Auckland University Press, $25.00, pbk
A short time ago poet Michael Harlow moved into the Caselberg Cottage at Broad Bay. He is this year's Otago University Burns Fellow.
Harlow was born in the United States and has resided in both Christchurch and Alexandra.
In 2004, he was the Randell Cottage Writer in Residence in Wellington.
It was here he finished The Tram Conductor's Blue Cap, his latest collection of poems.
It is not surprising there is plenty of movement in this new book, a follow-up to Cassandra's Daughter. In "With Paper Hats On", he begins "Once said in jest and jetzt the jest returning . . .", whatever that means.
Yet, this book is full of people leaving, others putting their shoes out and the small bird of memory floats away.
A mature man, Harlow glances backwards more than once in these 38 poems.
Our society may be keen to get rid of everything once it reaches its use-by date, but The Tram Conductor's Blue Cap is no pottle of yoghurt.
Harlow, for the most part, chooses introspection and self-exposure.
He has been a psychotherapist.

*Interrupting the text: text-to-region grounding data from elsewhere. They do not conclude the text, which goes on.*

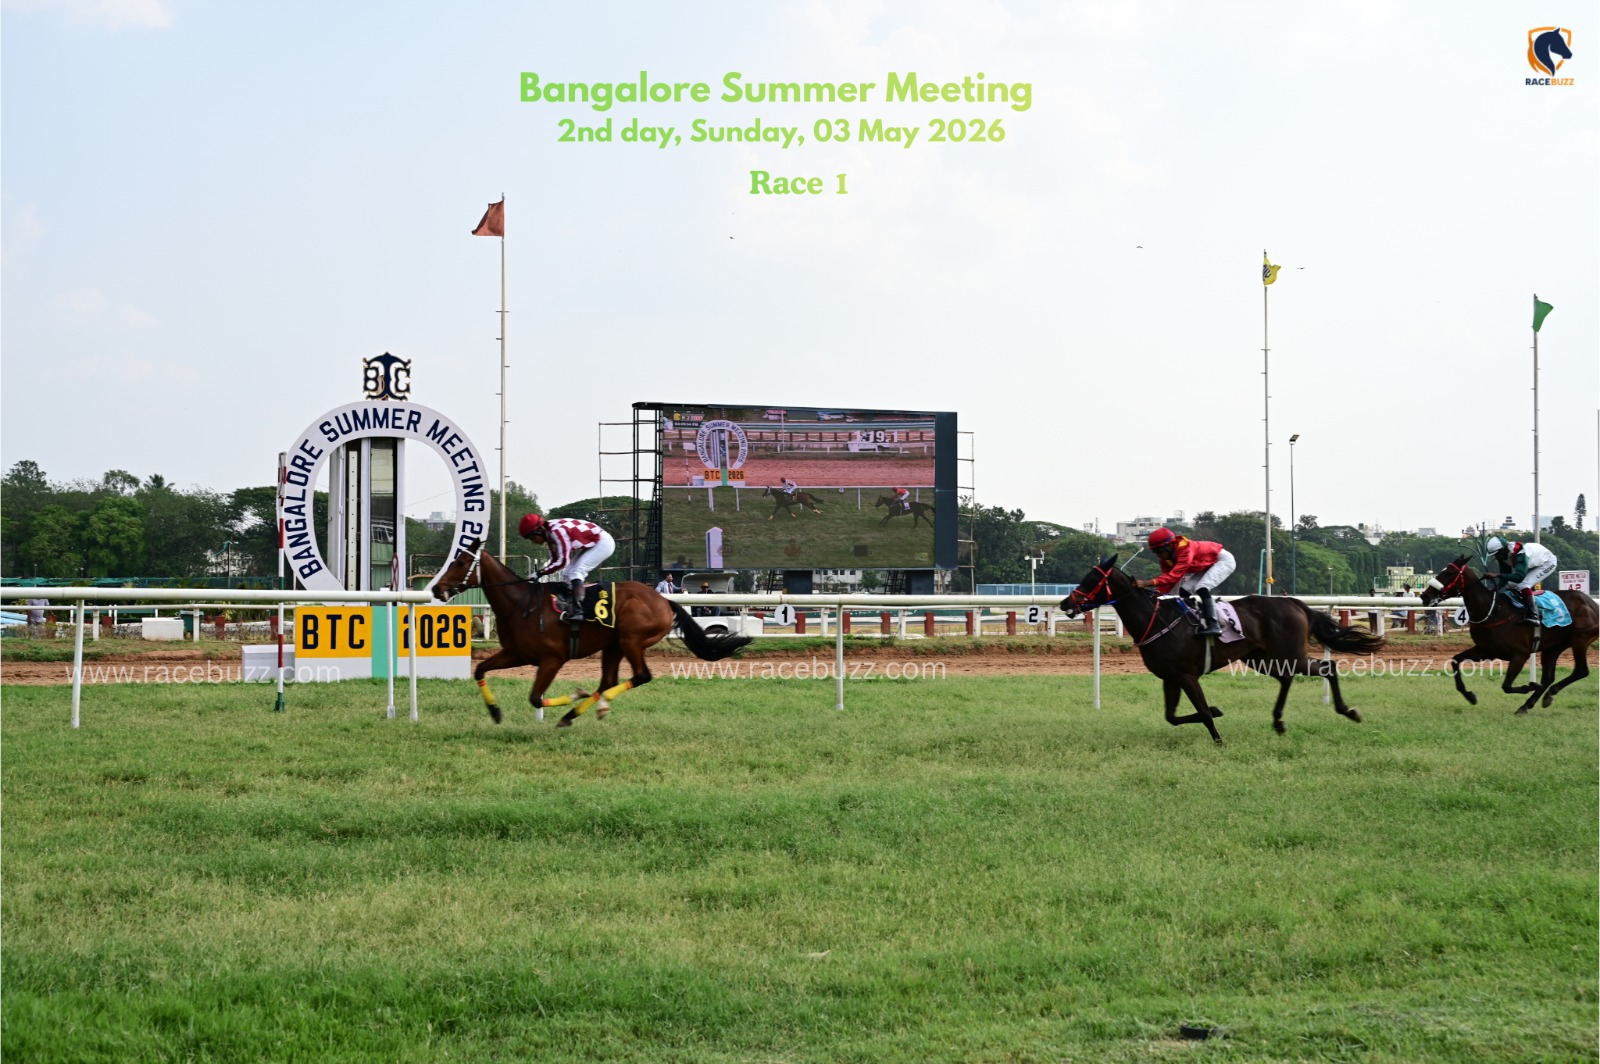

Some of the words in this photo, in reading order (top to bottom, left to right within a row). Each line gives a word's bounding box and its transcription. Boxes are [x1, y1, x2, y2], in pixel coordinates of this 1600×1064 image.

[319, 407, 422, 443] SUMMER
[705, 421, 730, 431] SUMMER
[426, 419, 486, 512] MEETING
[704, 470, 720, 480] BTC
[728, 470, 744, 480] 2026
[284, 439, 324, 580] BANGALORE
[453, 520, 484, 560] 20
[594, 599, 609, 619] 6
[781, 606, 788, 623] 1
[1028, 607, 1039, 623] 2
[1457, 609, 1467, 624] 4
[1553, 607, 1566, 623] 3
[302, 613, 365, 650] BTC
[403, 613, 467, 649] 2026

Some of these poems live in a haze of distortion.
Strangled squeals and cries start making sense once these poems have been read a few times.

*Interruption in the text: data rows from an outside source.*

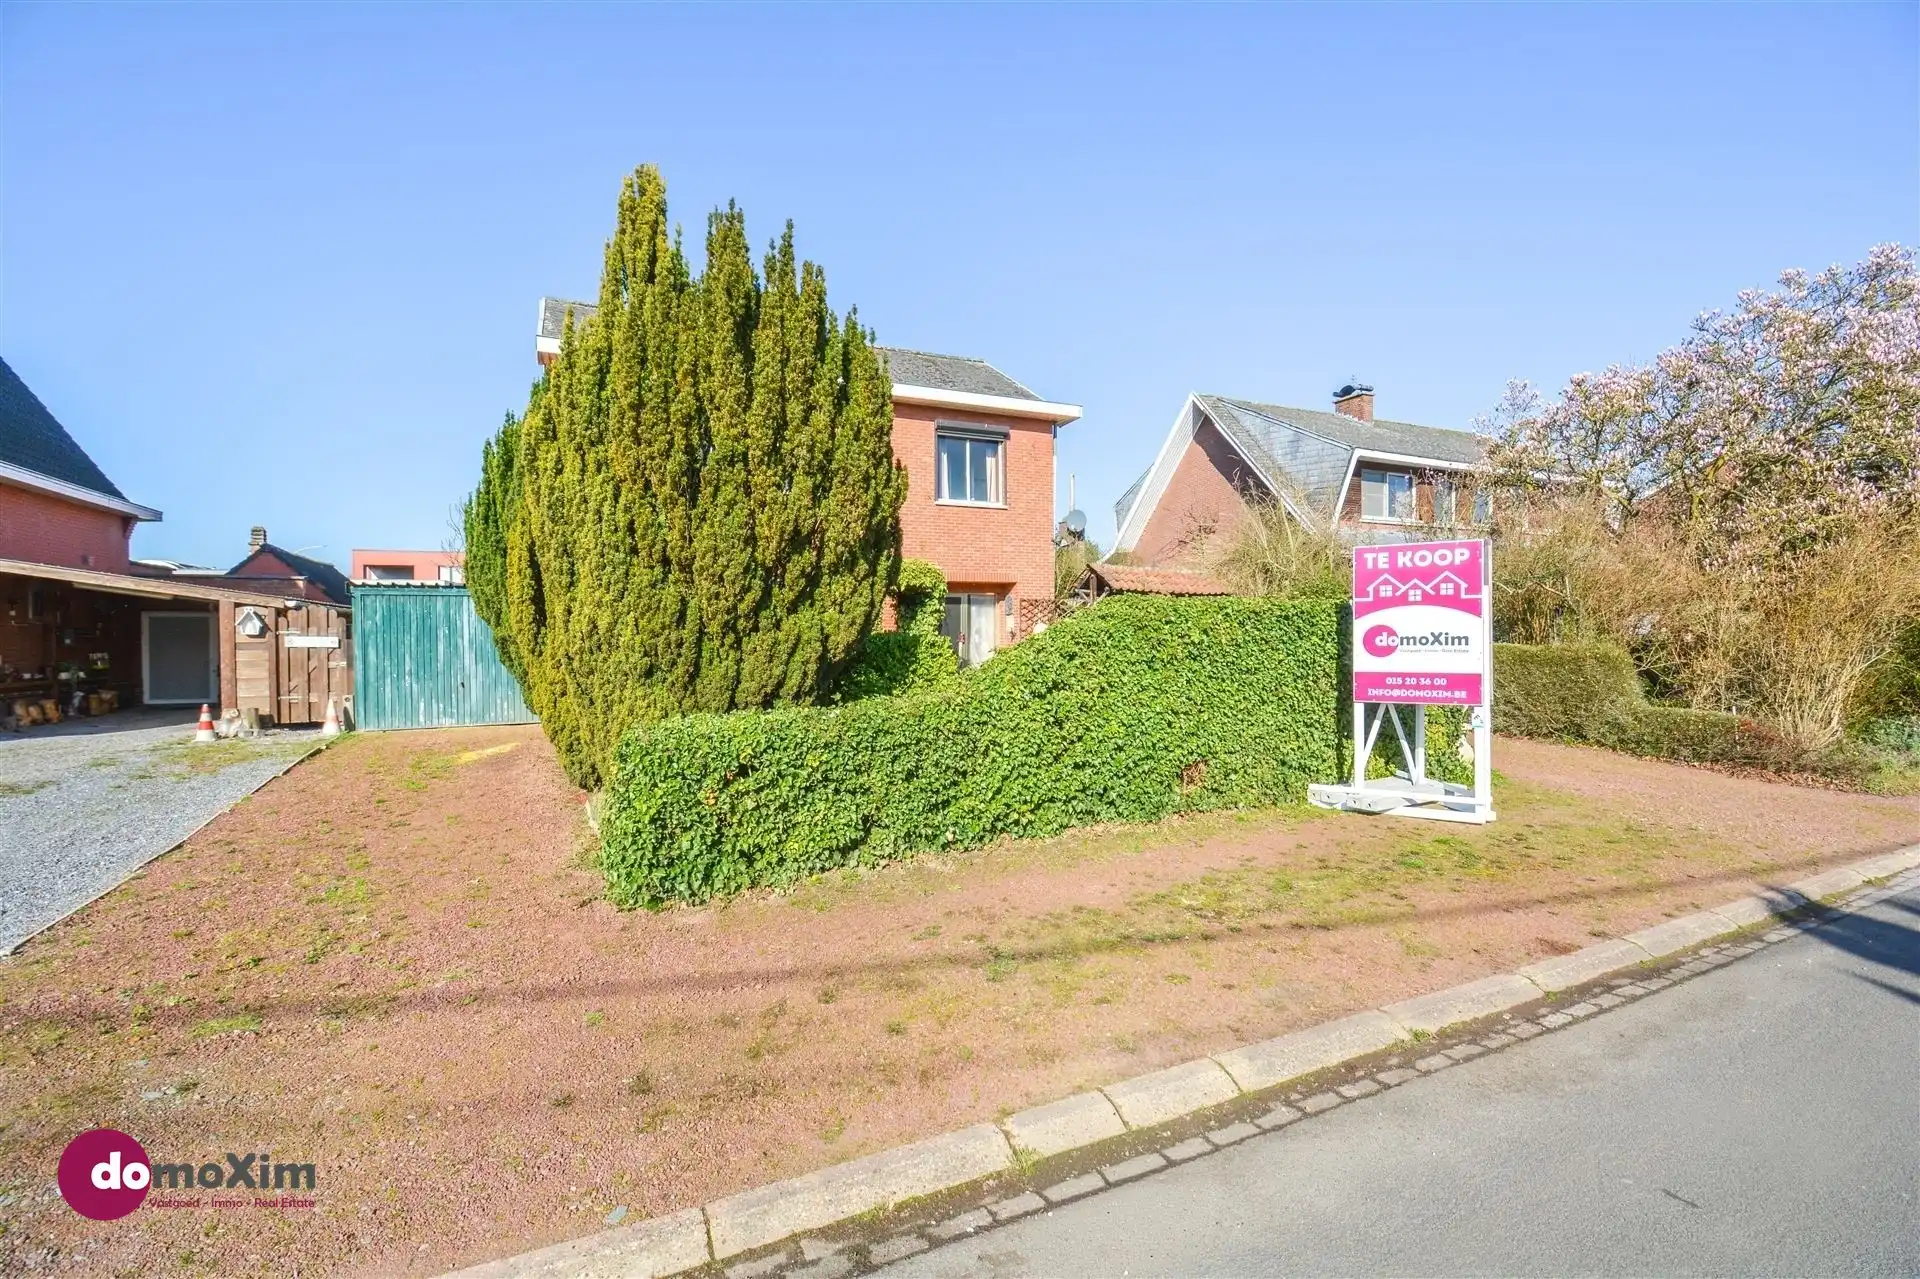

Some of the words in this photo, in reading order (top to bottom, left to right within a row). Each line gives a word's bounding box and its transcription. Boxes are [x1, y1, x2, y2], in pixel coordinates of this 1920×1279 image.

[1363, 552, 1389, 569] TE
[1397, 548, 1470, 568] KOOP
[1375, 631, 1469, 646] domoXim
[1386, 677, 1403, 685] 015
[1404, 677, 1417, 685] 20
[1419, 678, 1432, 686] 36
[1434, 678, 1447, 686] 00
[1367, 688, 1467, 698] INFO@DOMOXIM.BE

Harlow is a clever man. He throws in boasts and jokes. All the time the blue cap blows around.
With joy, he says in "Billet-Doux":"And a candle/too, all its fires/flying quietly/wingtips of light/for you as bright/this astonishment/of a lemon-coloured/sun I send over/the hill, may they/your heart hold/still, and full this/plainsong love/to sing this day,/and all years be/my pretty pleasured/by as much laughter/as we can bear."
This kind of poetry may be too much for casual readers, but innovative freaks will savour what is being offered.
- Hamesh Wyatt lives in Bluff. He writes and reads poetry.